[Exercise prompt] From the first line below to the last, reproduce the material exactly and leave out the images.

[Data for this task]

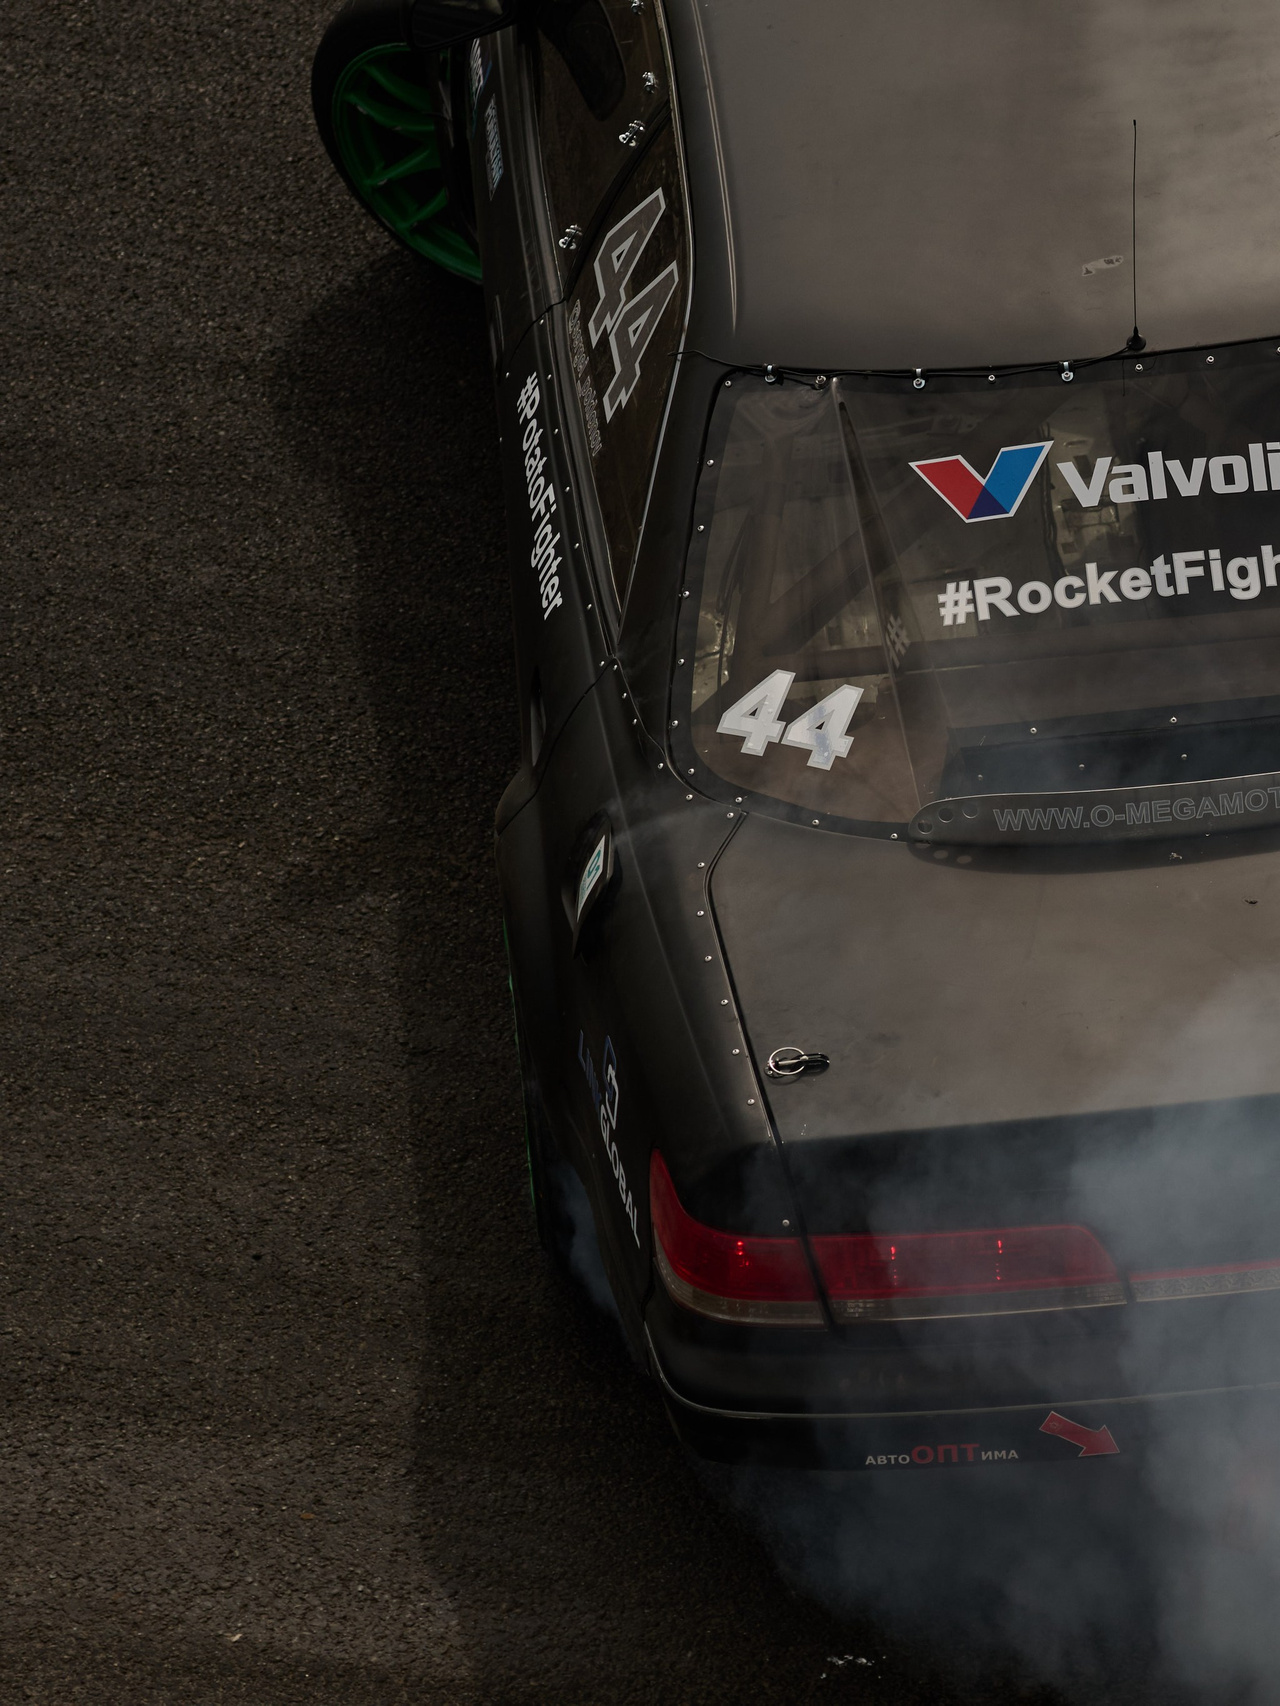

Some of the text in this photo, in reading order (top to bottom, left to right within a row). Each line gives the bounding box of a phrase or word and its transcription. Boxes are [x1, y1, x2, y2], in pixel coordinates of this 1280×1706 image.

[588, 187, 679, 424] 44
[516, 371, 563, 620] #PotatoFighter
[716, 668, 864, 771] 44
[601, 1104, 640, 1249] GLOBAL

[Output below]
Some of the text in this photo, in reading order (top to bottom, left to right within a row). Each line gives the bounding box of a phrase or word and its transcription. Boxes are [x1, y1, x2, y2], in pixel coordinates of this 1280×1706 image.

[588, 187, 679, 424] 44
[516, 371, 563, 620] #PotatoFighter
[716, 668, 864, 771] 44
[601, 1104, 640, 1249] GLOBAL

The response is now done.